§ **EXERCISE**: Quote all of the data that follows exactly as written, skipping the images.

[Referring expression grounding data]
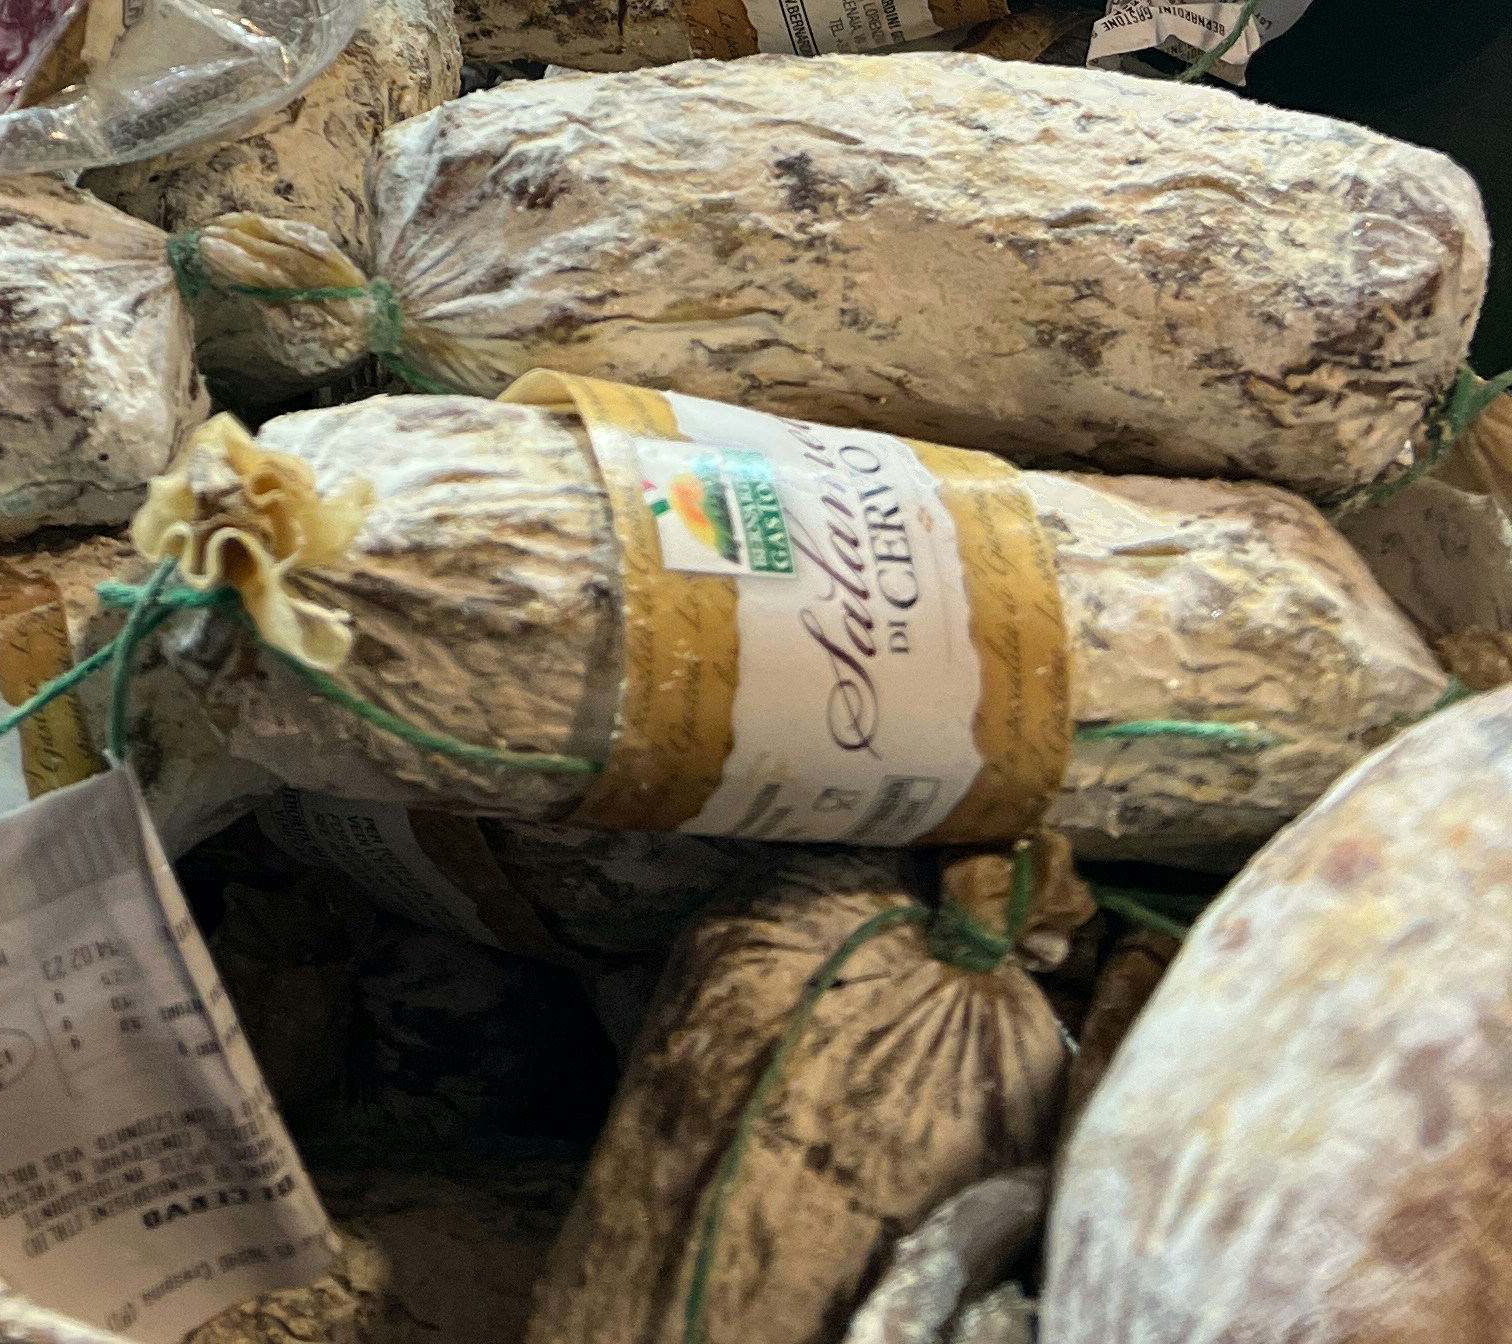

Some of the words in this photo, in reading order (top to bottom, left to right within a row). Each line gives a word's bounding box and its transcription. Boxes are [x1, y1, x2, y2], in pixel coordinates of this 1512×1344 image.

[1103, 7, 1153, 31] GASTONE
[1158, 6, 1225, 36] BERNARDINI
[839, 445, 920, 611] CERVO
[889, 620, 910, 655] DI
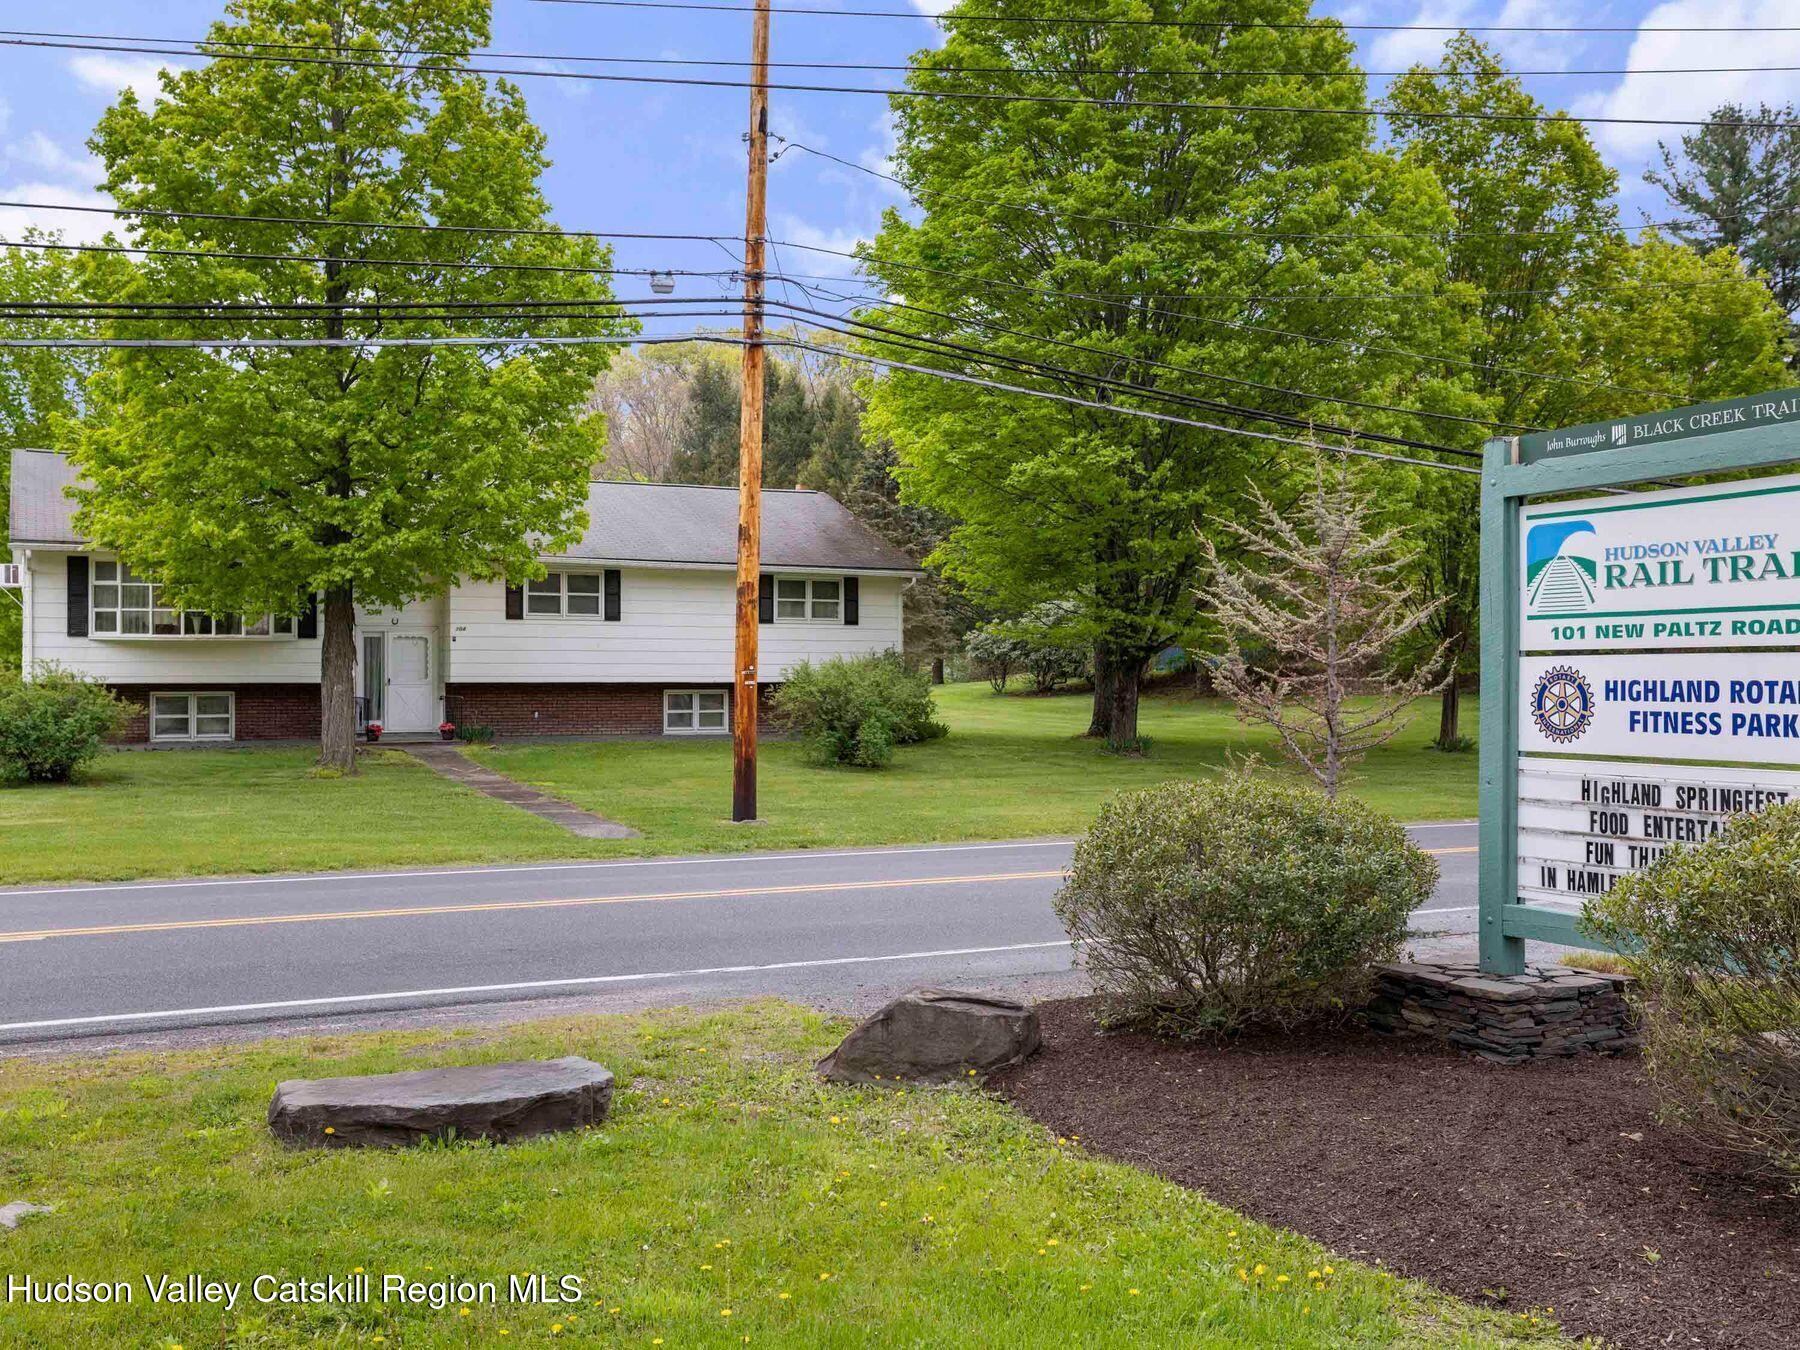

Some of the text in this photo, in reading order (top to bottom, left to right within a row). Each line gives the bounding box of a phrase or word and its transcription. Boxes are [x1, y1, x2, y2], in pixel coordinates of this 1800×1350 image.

§ **ANSWER SECTION**:
Some of the words in this photo, in reading order (top to bottom, left to right within a row). Each line gives a word's bounding box and its transcription. Boxes are [x1, y1, x2, y2], in pixel coordinates of this 1512×1344 image.

[1103, 7, 1153, 31] GASTONE
[1158, 6, 1225, 36] BERNARDINI
[839, 445, 920, 611] CERVO
[889, 620, 910, 655] DI

Some of the text in this photo, in reading order (top to bottom, left to right within a row). Each line gives the bounding box of a phrase or word and its transcription. Boxes are [x1, y1, x2, y2], in pixel coordinates of this 1800×1350 image.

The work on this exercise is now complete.